_What needs to be done_. Each record that follows is to be duplicated exactly, though its pictures are not.

_Data shown_.

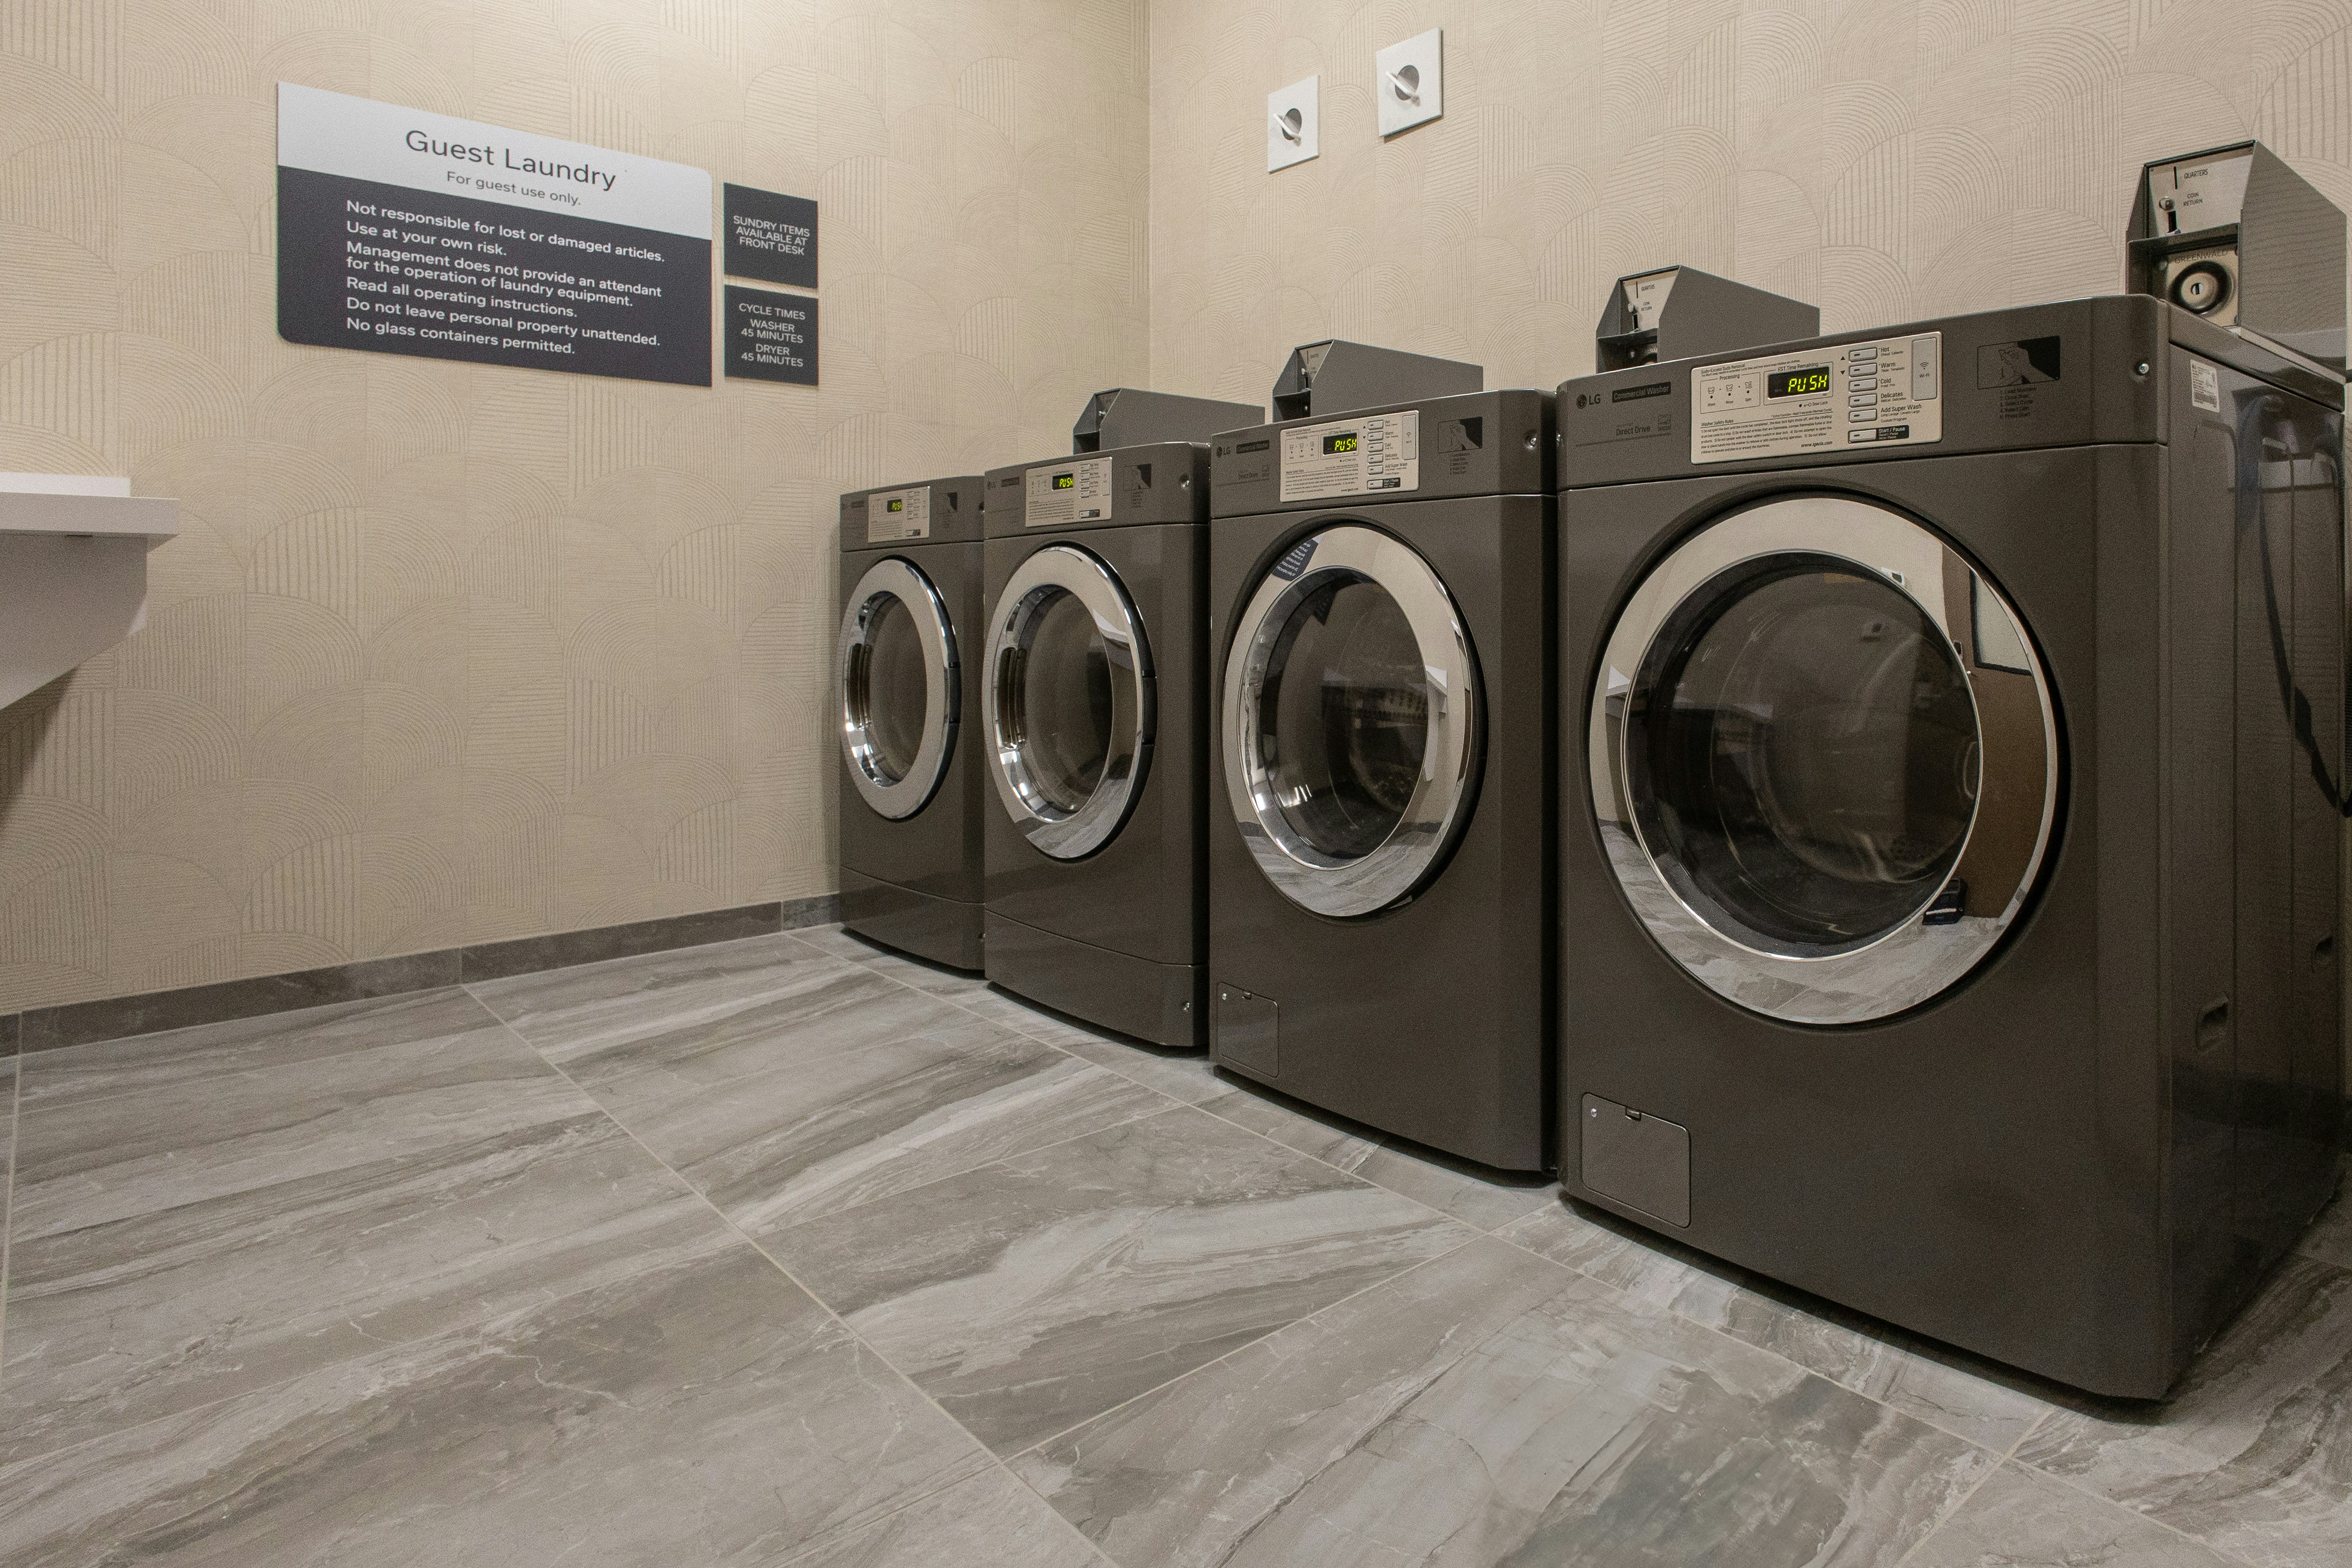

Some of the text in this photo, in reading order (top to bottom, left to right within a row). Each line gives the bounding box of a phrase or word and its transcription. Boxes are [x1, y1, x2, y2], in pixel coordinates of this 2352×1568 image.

[406, 130, 616, 192] Guest Laundry
[2184, 168, 2208, 179] QUARTERS
[447, 170, 581, 207] For guest use only.
[2183, 198, 2203, 206] RETURN
[346, 200, 665, 262] Not responsible for lost or damaged articles.
[733, 215, 810, 237] SUNDRY ITEMS
[346, 220, 507, 256] Use at your own risk.
[736, 226, 808, 246] AVAILABLE AT
[740, 236, 805, 255] FRONT DESK
[346, 241, 662, 297] Management does not provide an attendant
[346, 255, 633, 307] for the operation of laundry equipment.
[346, 276, 577, 318] Read all operating instructions.
[739, 303, 805, 319] CYCLE TIMES
[346, 296, 660, 346] Do not leave personal property unattended.
[750, 319, 794, 332] WASHER
[346, 317, 575, 355] No glass containers permitted.
[741, 328, 803, 344] 45 MINUTES
[755, 343, 790, 356] DRYER
[741, 352, 804, 367] 45 MINUTES
[1614, 385, 1670, 400] Commercial Washer
[1788, 374, 1828, 393] PUSH
[1589, 394, 1601, 405] LG
[1616, 427, 1634, 436] Direct
[1334, 438, 1357, 451] PUSH
[1059, 477, 1074, 487] PUSH

_Answer to this problem_.
Some of the text in this photo, in reading order (top to bottom, left to right within a row). Each line gives the bounding box of a phrase or word and its transcription. Boxes are [x1, y1, x2, y2], in pixel coordinates of this 2352×1568 image.

[406, 130, 616, 192] Guest Laundry
[2184, 168, 2208, 179] QUARTERS
[447, 170, 581, 207] For guest use only.
[2183, 198, 2203, 206] RETURN
[346, 200, 665, 262] Not responsible for lost or damaged articles.
[733, 215, 810, 237] SUNDRY ITEMS
[346, 220, 507, 256] Use at your own risk.
[736, 226, 808, 246] AVAILABLE AT
[740, 236, 805, 255] FRONT DESK
[346, 241, 662, 297] Management does not provide an attendant
[346, 255, 633, 307] for the operation of laundry equipment.
[346, 276, 577, 318] Read all operating instructions.
[739, 303, 805, 319] CYCLE TIMES
[346, 296, 660, 346] Do not leave personal property unattended.
[750, 319, 794, 332] WASHER
[346, 317, 575, 355] No glass containers permitted.
[741, 328, 803, 344] 45 MINUTES
[755, 343, 790, 356] DRYER
[741, 352, 804, 367] 45 MINUTES
[1614, 385, 1670, 400] Commercial Washer
[1788, 374, 1828, 393] PUSH
[1589, 394, 1601, 405] LG
[1616, 427, 1634, 436] Direct
[1334, 438, 1357, 451] PUSH
[1059, 477, 1074, 487] PUSH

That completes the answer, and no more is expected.